Sarah-Jayne Martin at Quadient Accounts Receivable by YayPay describes the fine balance between attracting customers and preventing debt
Every business leader wants to drive sales and create greater customer satisfaction. One way organisations try to grow while making existing customers happy is through a lenient credit policy, whereby they extend credit to the most people interested in their services.
Whilst this is great for building a wider customer base, it can create a trap for companies as some customers end up either paying late or not at all. As a result, the company could end up accruing bad debt, which jeopardises the financial security of the organisation.
And with businesses already battling spiking interest rates and economic uncertainty, any form of bad debt is hazardous.
A false sense of economy
Given the current economic situation, it is a priority for businesses to avoid late payments at any cost. But 93 percent of companies report issues with late payments, with the average payment period lasting 34 days – a long time to be potentially in the red. Late payments can disrupt cash flow and make it difficult for financial planners to forecast exactly how much money businesses will have coming in, and when.
Businesses must establish a strong credit policy that supports the best of both worlds. It should attract more customers, but also protect against non or late payment. This will futureproof the financial wellbeing of the business, while driving revenue and a growing customer base.

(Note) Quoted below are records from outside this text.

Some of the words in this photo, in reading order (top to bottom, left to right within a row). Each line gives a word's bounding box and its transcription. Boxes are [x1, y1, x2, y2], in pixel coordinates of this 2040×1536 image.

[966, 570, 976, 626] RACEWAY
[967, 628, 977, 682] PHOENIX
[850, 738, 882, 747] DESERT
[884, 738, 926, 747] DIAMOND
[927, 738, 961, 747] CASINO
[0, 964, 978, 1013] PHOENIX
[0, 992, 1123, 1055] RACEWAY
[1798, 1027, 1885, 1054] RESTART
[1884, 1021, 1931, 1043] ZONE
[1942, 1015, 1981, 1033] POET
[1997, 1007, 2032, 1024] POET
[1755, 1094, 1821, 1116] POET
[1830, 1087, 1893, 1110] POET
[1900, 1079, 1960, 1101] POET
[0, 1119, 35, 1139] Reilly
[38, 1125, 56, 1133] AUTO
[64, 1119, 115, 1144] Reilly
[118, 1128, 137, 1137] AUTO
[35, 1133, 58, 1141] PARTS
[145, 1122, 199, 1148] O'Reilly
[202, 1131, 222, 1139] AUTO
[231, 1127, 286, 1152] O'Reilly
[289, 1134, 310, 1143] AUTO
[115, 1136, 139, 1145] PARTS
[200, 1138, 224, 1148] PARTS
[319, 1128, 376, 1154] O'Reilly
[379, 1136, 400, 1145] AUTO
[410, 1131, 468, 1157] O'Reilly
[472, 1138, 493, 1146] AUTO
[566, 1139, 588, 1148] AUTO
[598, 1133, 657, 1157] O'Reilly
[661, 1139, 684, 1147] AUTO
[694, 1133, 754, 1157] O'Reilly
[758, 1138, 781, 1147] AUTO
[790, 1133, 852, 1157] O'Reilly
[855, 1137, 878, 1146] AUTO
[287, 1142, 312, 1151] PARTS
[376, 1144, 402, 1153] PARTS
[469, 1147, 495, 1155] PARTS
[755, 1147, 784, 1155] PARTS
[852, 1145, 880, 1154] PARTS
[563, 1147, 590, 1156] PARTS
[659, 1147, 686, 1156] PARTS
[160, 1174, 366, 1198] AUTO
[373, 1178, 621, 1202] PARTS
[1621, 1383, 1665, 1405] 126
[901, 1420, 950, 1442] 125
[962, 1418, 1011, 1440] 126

Implementing this kind of robust credit policy gives businesses three key advantages:
Putting the steps into motion
To enjoy these benefits, it is important enterprises make it as easy as possible to implement a strong credit policy. An important element of this involves making sure finance teams have the right tools to help improve decision making.
Technologies such as automation, Artificial Intelligence (AI) and Machine Learning (ML) are vital in enabling a strong credit policy to be implemented and enforced.

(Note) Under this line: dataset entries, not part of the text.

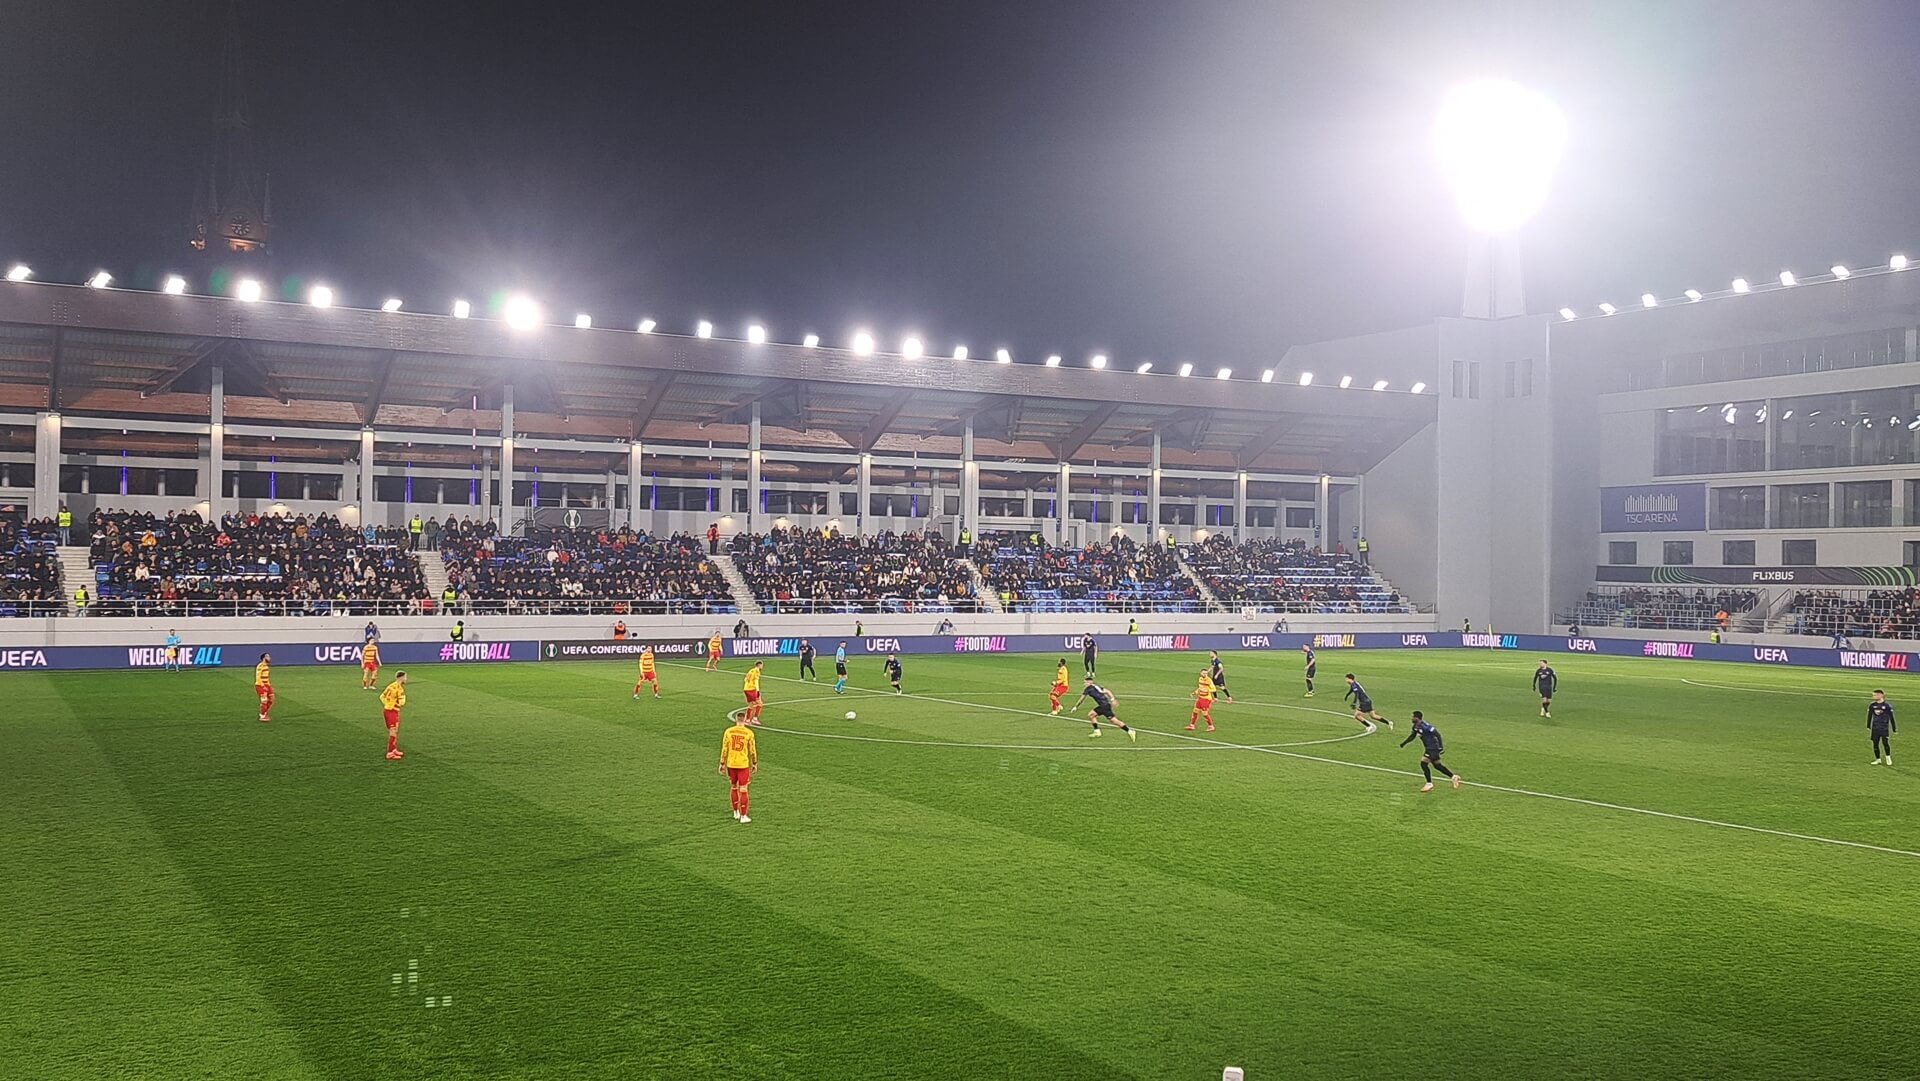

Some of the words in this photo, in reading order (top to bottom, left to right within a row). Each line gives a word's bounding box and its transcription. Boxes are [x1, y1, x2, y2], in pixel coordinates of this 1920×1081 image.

[1625, 514, 1643, 523] TSC
[1644, 513, 1678, 522] ARENA
[733, 640, 778, 655] WELCOME
[779, 639, 799, 654] ALL
[866, 638, 901, 651] UEFA
[954, 637, 1006, 651] #FOOTBALL
[1138, 636, 1173, 649] WELCOME
[1173, 635, 1190, 648] ALL
[1242, 636, 1270, 647] UEFA
[1313, 634, 1355, 647] #FOOTBALL
[1402, 635, 1428, 645] UEFA
[1462, 634, 1501, 646] WELCOME
[1501, 635, 1517, 648] ALL
[1568, 639, 1596, 651] UEFA
[315, 646, 362, 661] UEFA
[440, 643, 511, 660] #FOOTBALL
[562, 647, 588, 655] UEFA
[589, 645, 647, 654] CONFERENC
[1643, 642, 1693, 657] #FOOTBALL
[1754, 648, 1788, 661] UEFA
[128, 648, 193, 666] WELCME
[193, 648, 222, 664] ALL
[1840, 652, 1886, 668] WELCOME
[1886, 654, 1907, 669] ALL
[731, 735, 745, 752] 15

For instance, ML and AI can be used to rapidly process and analyse vast amounts of information such as credit ratings, past behaviour and payment history. From this data, ML and AI can share recommendations on whether a certain individual should be given extended credit or more favourable payment terms.
This helps credit specialists to do their job well whilst also ensuring the credit policy is properly enforced.
Insights from AI and ML also provide accurate forecasting and predictions into which customers may struggle in future and the expected revenue for a business. It’s important to note that whilst late or non-payments can be predicted, it’s not so easy to forecast bankruptcy as that is the result of a myriad of factors - late payments being only one. But adopting AI and ML, which can evaluate vast pools of data, will certainly be able to help with spotting the signs much earlier.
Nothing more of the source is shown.